Output the entries in full and verbatim, pictures omitted.

*** ENTRIES PROVIDED Section Begins ***

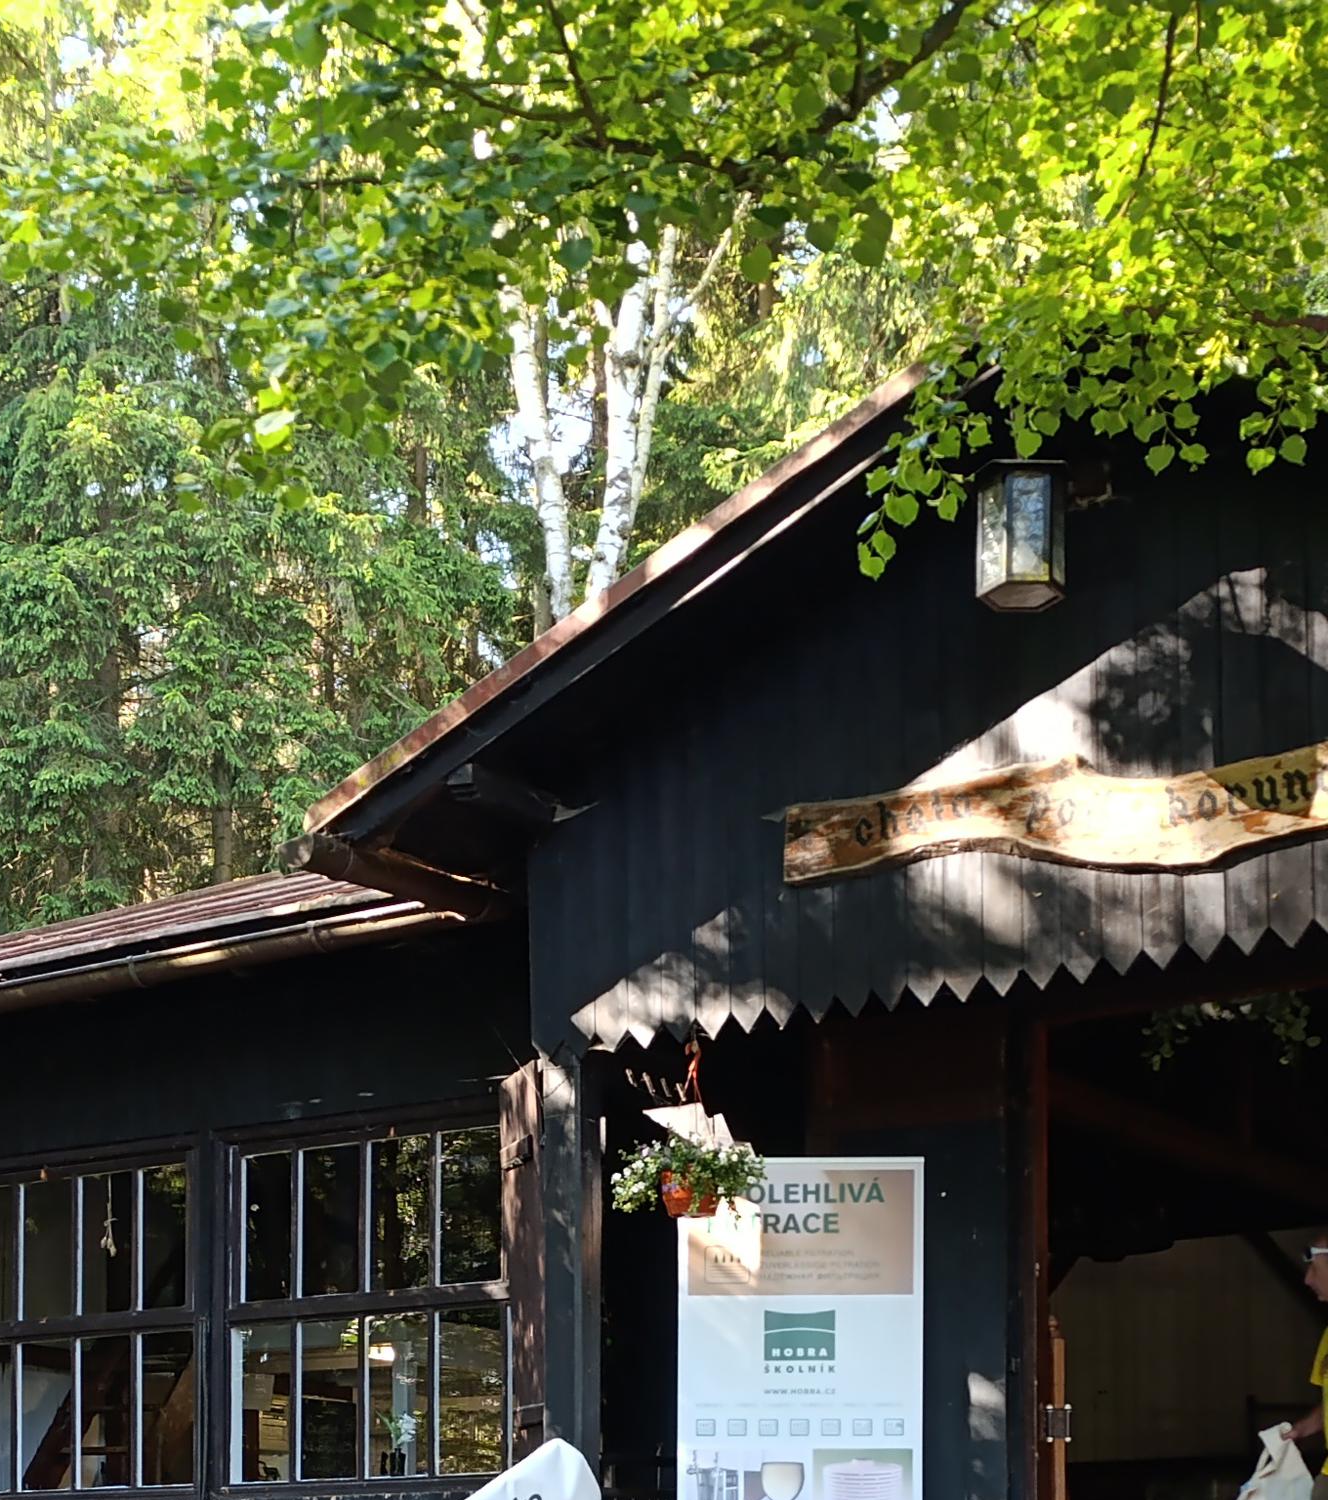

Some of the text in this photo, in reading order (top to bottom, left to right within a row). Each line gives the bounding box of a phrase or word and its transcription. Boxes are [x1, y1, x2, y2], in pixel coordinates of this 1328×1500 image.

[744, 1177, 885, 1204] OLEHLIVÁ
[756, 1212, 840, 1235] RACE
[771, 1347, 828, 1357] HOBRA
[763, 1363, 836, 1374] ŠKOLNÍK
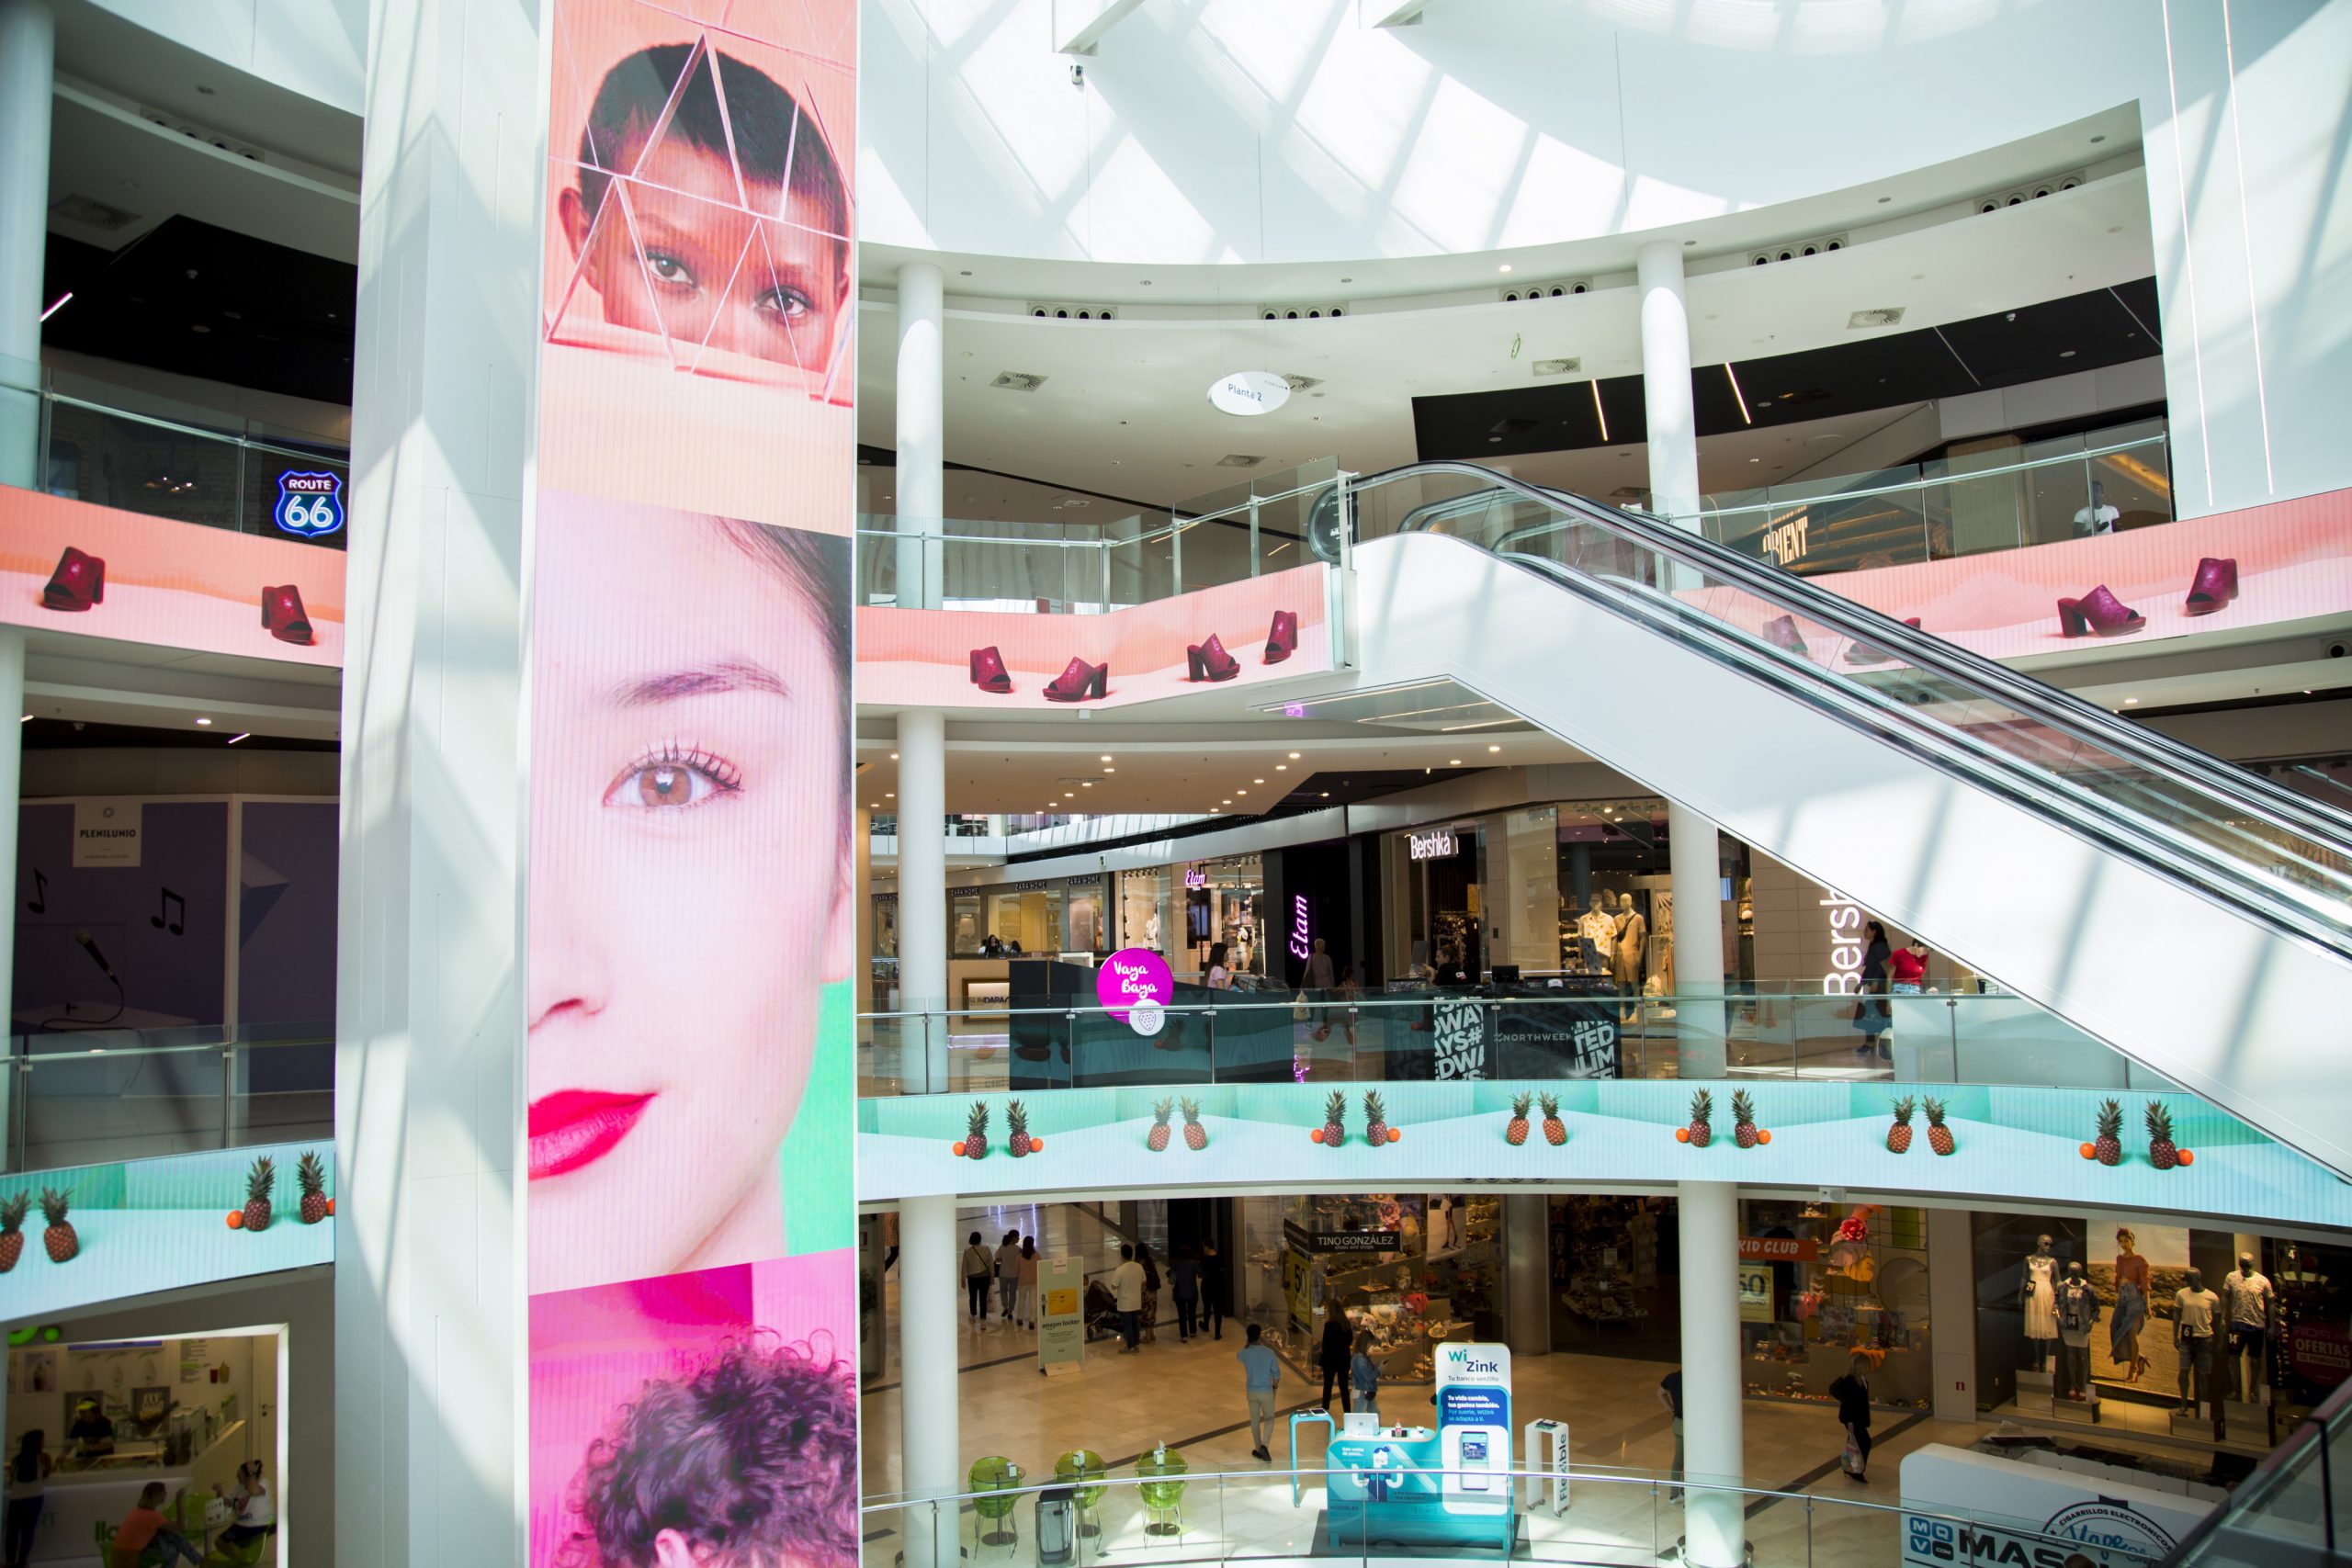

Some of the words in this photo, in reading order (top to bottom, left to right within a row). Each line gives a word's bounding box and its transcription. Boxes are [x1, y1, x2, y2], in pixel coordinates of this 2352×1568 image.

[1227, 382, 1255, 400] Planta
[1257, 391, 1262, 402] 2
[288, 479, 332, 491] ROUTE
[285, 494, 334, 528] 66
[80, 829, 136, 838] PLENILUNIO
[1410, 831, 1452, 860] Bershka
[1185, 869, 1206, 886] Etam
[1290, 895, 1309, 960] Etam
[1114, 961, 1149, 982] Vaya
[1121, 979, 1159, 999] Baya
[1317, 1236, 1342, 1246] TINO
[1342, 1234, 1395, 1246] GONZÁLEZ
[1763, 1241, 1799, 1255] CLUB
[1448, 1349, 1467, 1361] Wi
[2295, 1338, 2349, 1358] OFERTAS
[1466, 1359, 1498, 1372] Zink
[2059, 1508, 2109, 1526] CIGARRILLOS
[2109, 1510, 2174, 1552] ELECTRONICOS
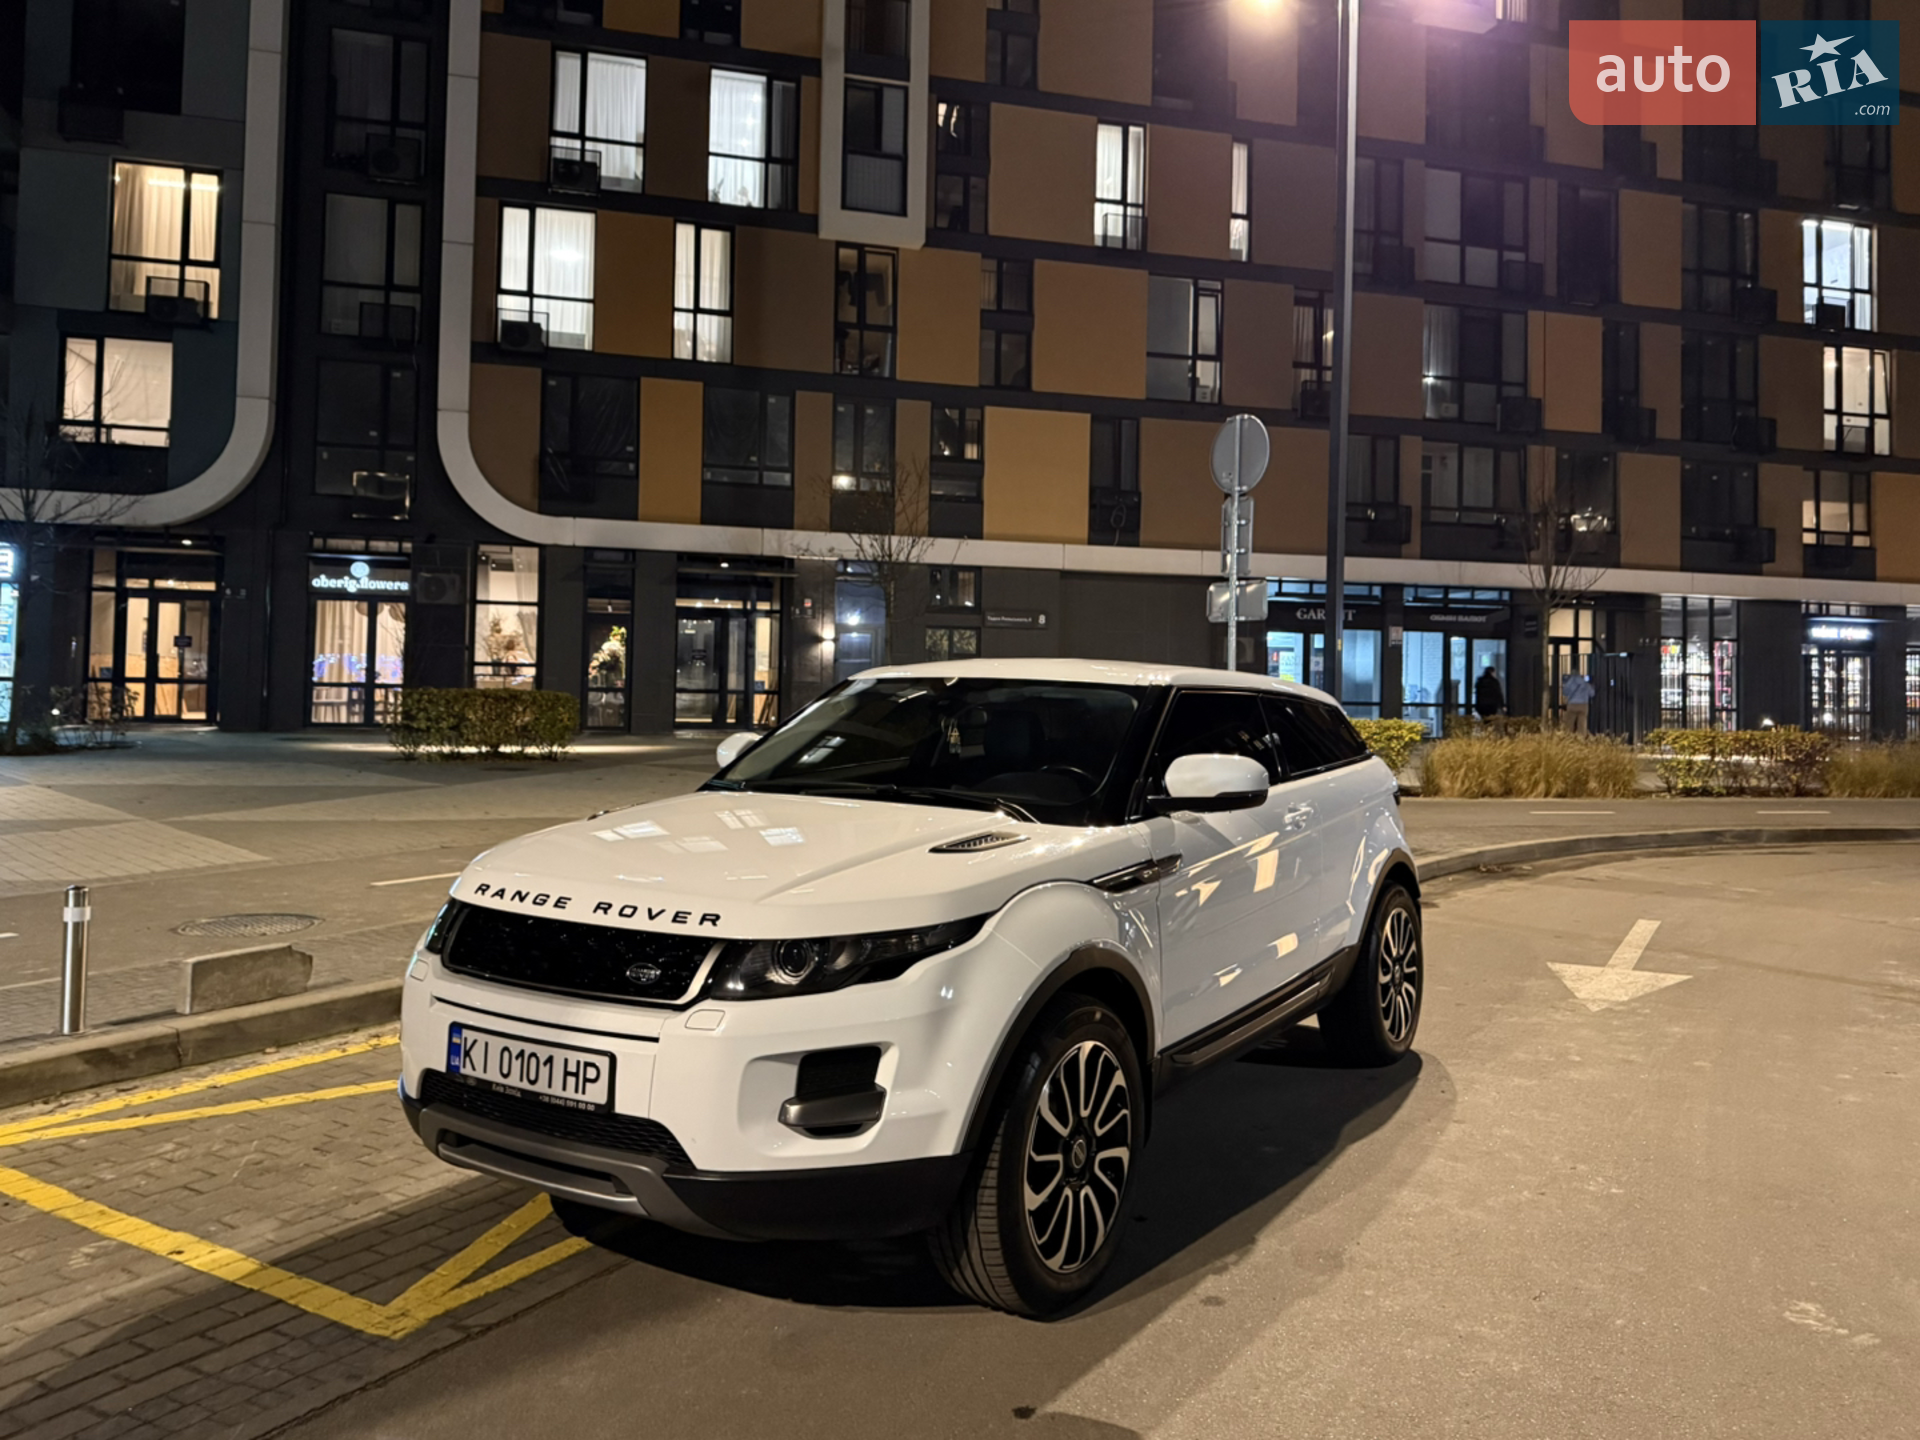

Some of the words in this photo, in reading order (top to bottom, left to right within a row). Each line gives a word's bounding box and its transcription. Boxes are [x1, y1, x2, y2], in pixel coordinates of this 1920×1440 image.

*** ENTRIES PROVIDED Section Ends ***

EXPECTED ANSWER
Some of the text in this photo, in reading order (top to bottom, left to right within a row). Each line gives the bounding box of a phrase or word and its transcription. Boxes are [x1, y1, x2, y2], in pixel coordinates of this 1328×1500 image.

[744, 1177, 885, 1204] OLEHLIVÁ
[756, 1212, 840, 1235] RACE
[771, 1347, 828, 1357] HOBRA
[763, 1363, 836, 1374] ŠKOLNÍK

Some of the words in this photo, in reading order (top to bottom, left to right within a row). Each line gives a word's bounding box and its transcription. Boxes are [x1, y1, x2, y2], in pixel coordinates of this 2352×1568 image.

[1227, 382, 1255, 400] Planta
[1257, 391, 1262, 402] 2
[288, 479, 332, 491] ROUTE
[285, 494, 334, 528] 66
[80, 829, 136, 838] PLENILUNIO
[1410, 831, 1452, 860] Bershka
[1185, 869, 1206, 886] Etam
[1290, 895, 1309, 960] Etam
[1114, 961, 1149, 982] Vaya
[1121, 979, 1159, 999] Baya
[1317, 1236, 1342, 1246] TINO
[1342, 1234, 1395, 1246] GONZÁLEZ
[1763, 1241, 1799, 1255] CLUB
[1448, 1349, 1467, 1361] Wi
[2295, 1338, 2349, 1358] OFERTAS
[1466, 1359, 1498, 1372] Zink
[2059, 1508, 2109, 1526] CIGARRILLOS
[2109, 1510, 2174, 1552] ELECTRONICOS

Some of the words in this photo, in reading order (top to bottom, left to right within a row). Each line gives a word's bounding box and its transcription. Boxes are [x1, y1, x2, y2], in pixel coordinates of this 1920×1440 image.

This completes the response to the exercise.